Supreme Court of Arkansas

Opinion delivered June 17, 1996

*75 Didi H. Sailings, Executive Director, by: Teri Chambers, for appellant.

Winston Bryant, Att’y Gen., by: J. Brent Standridge, Asst. Att’y Gen., for appellee.

Donald L. Corbin, Justice.

Appellant, Anthony Key, appeals a judgment of the Pulaski County Circuit Court convicting him of capital murder and sentencing him to life imprisonment without parole. Jurisdiction of this appeal is properly in this court. Ark. Sup. Ct. R. l-2(a)(2). Appellant presents three arguments for reversal of the judgment entered pursuant to a jury verdict. We find no merit to the arguments and affirm.

Appellant’s first argument for reversal is that the trial court erred in denying his motions for directed verdict. At trial, appellant moved for a directed verdict at the close of the state’s case, contending the state had not proven that appellant acted with the premeditated and deliberated purpose of causing a person’s death. Appellant presented defense witnesses and then renewed the motion for directed verdict at the close of his evidence, adding as additional grounds that he was incapable of forming the requisite mental state. Appellant then renewed the motion at the close of the state’s rebuttal evidence and again at the close of his surrebuttal evidence.

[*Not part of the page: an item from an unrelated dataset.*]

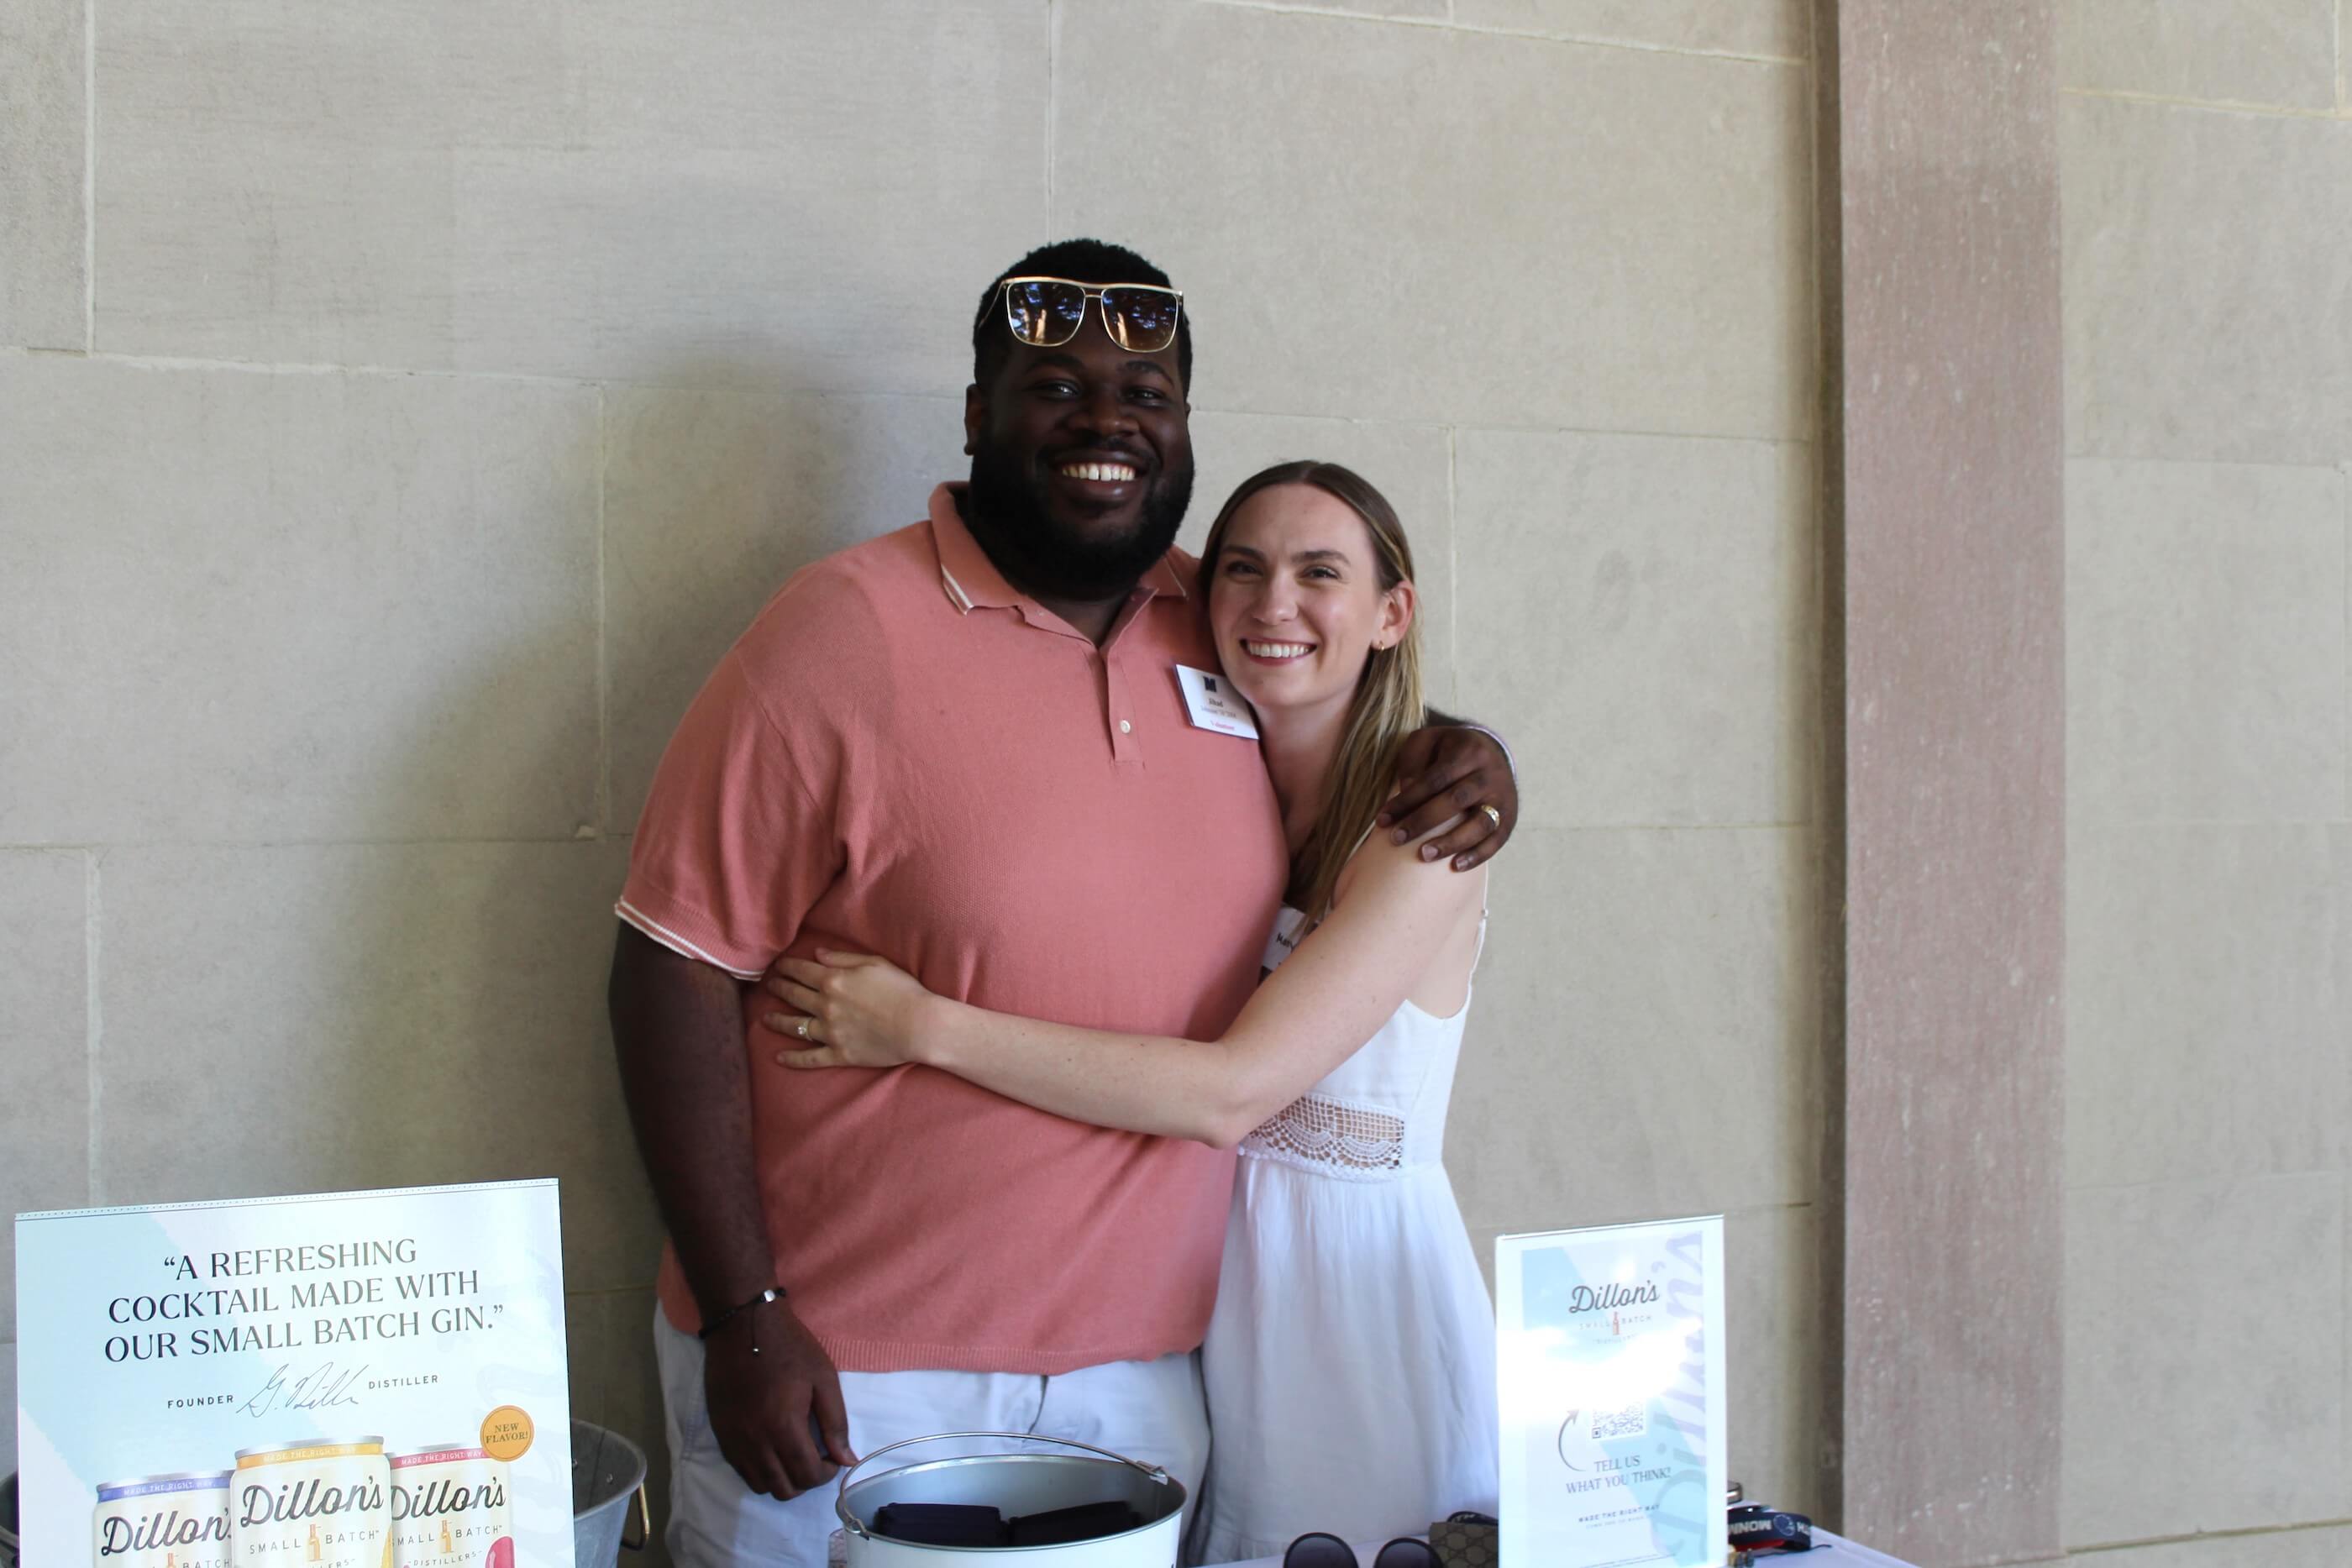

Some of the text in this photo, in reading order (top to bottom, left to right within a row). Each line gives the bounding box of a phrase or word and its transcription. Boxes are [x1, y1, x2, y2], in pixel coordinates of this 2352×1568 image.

Appellant’s initial motions were sufficiently specific to apprise the trial court of the particular evidence he claimed was lacking. The renewal motions were likewise sufficient to preserve the argument for our review. Heard v. State, 322 Ark. 553, 910 S.W.2d 663 *76(1995); Durham v. State, 320 Ark. 689, 899 S.W.2d 470 (1995). Although appellant asks us to review the evidence as it existed both at the close of the state’s evidence and again at the close of the case, appellant waived his former motion for directed verdict by presenting evidence in his defense. Therefore, we decide his challenge to the sufficiency of the evidence as the evidence existed at the close of the case when he renewed his former motions. Rudd v. State, 308 Ark. 401, 825 S.W.2d 565 (1992).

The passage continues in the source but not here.